Stocks gapped up at the open (Dow +150 pts; SPX +.5%). Energy stocks are surging ahead 2.2% in early trading, with industrials, consumer discretionary and materials up about 1%. On the other hand, real estate & utilities are down. And of course, this is the recent trend, driven by rising interest rates and improving growth expectations. The dollar is weaker today and commodities are up a bit. WTI crude oil is up the most, 1.6%, to trade around $64.58/barrel. Again, don’t miss the fact that oil has broken out to the upside. Bonds, which have been very shaky, are holding steady today. The 5-year Treasury yield is hovering around 2.33% and the 10-year Treasury yield is at 2.55%. The next level of significant resistance is 2.63%.
Earnings season is upon us, and a few big banks are scheduled to report fourth quarter results tomorrow. According to Zacks, S&P 500 companies are expected to report 8.8% y/y earnings growth on 6.9% revenue growth. Earnings growth is widely expected to be positive for most sectors. The tech sector is predicted to post 14% earnings growth and the energy sector should achieve nearly 175% growth in profits. However, certain groups like consumer discretionary, conglomerates (think GE) and transportation are expected to post negative growth. The financial sector is not scoring high in terms of projected growth, but with interest rates rising the sector’s profitability will surely increase.
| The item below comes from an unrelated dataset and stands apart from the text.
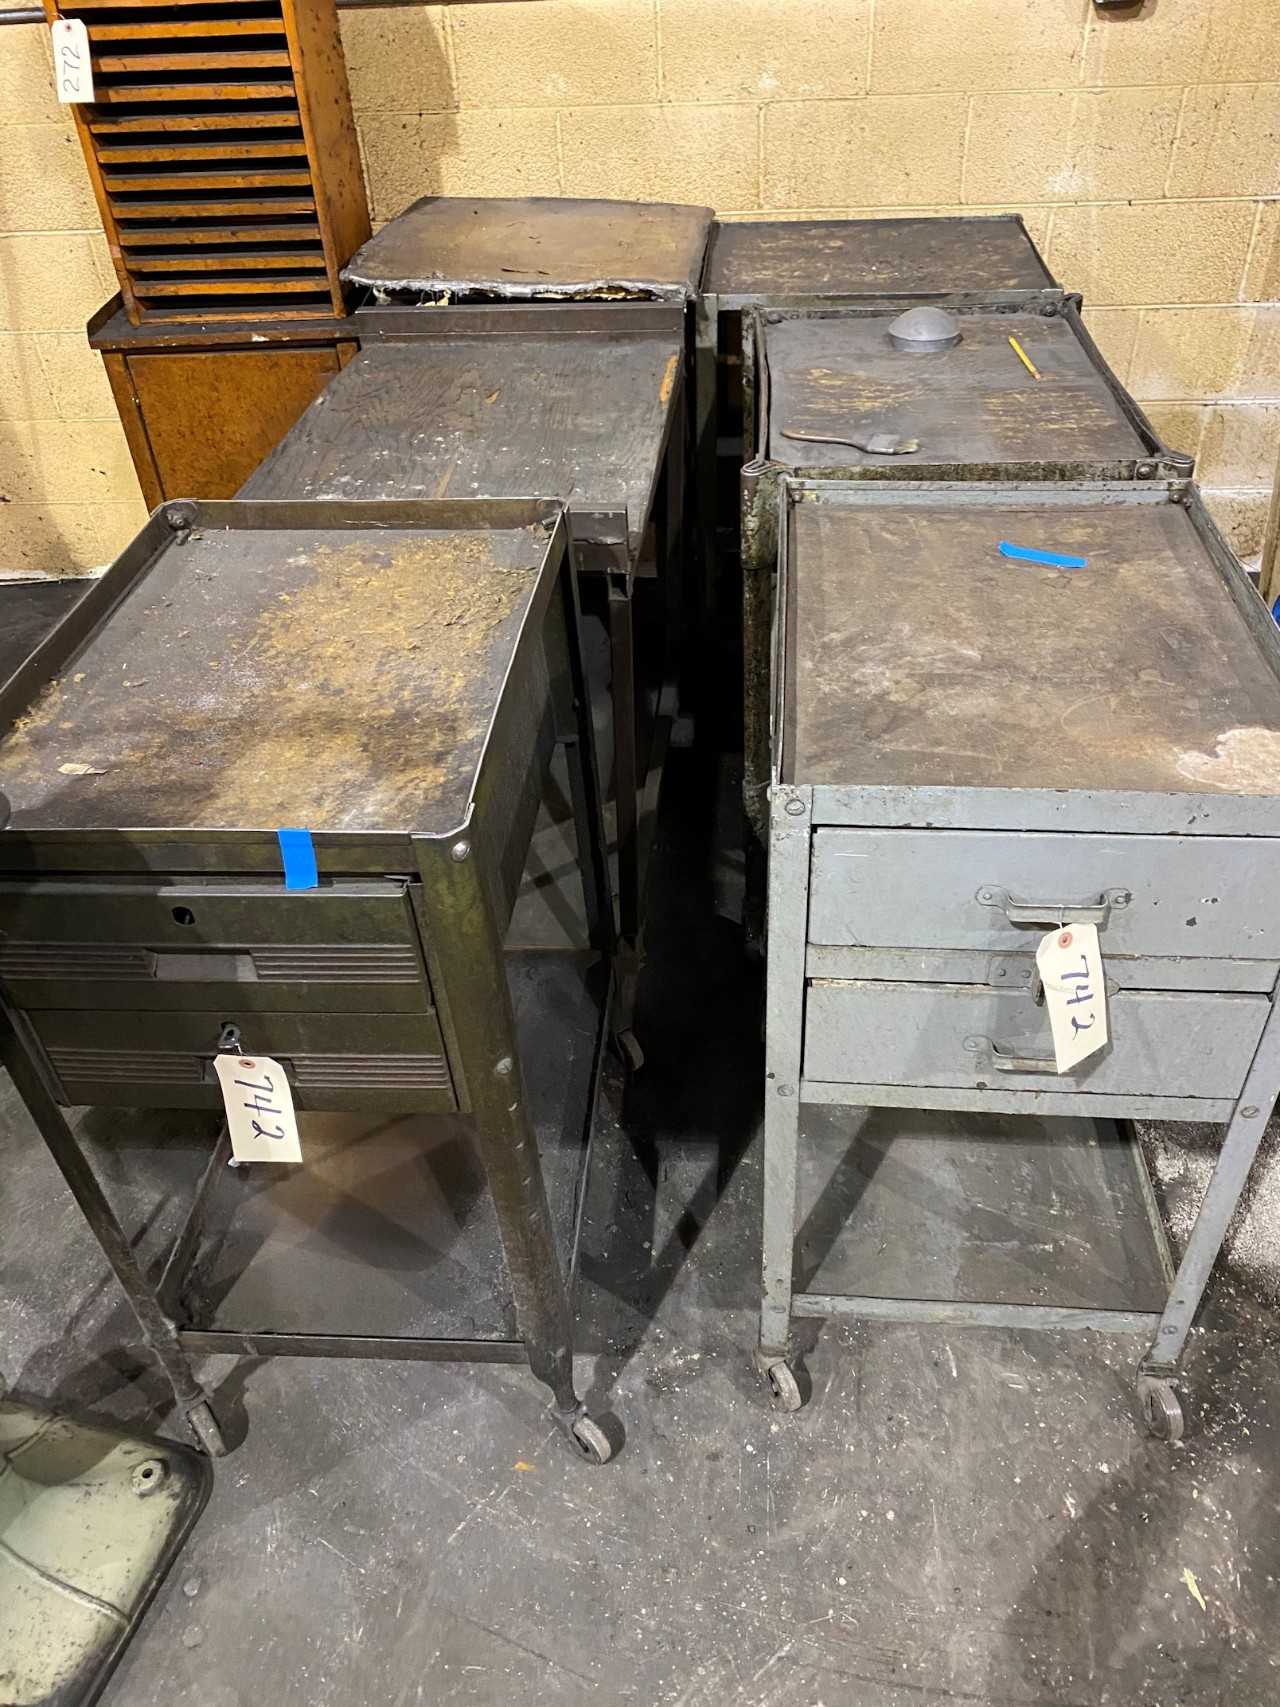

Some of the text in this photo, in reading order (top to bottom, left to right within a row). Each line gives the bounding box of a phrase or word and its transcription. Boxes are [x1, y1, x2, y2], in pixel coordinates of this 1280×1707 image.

[62, 45, 81, 93] 272
[1060, 953, 1095, 1040] 742
[234, 1074, 285, 1141] 742
The Producer Price Index (PPI) decelerated in December to 2.6% y/y growth, from 3.1% in the prior month. In other words, wholesale price inflation in the US remains subdued. PPI excluding the more volatile food & energy categories edged down to 2.3% growth compared with year-ago levels. These figures corroborate slower inflation data out of the Import/Export Price Index report yesterday. And economists are thinking it suggests lower Consumer Price Index (CPI) data tomorrow. This could be why interest rates edged lower today.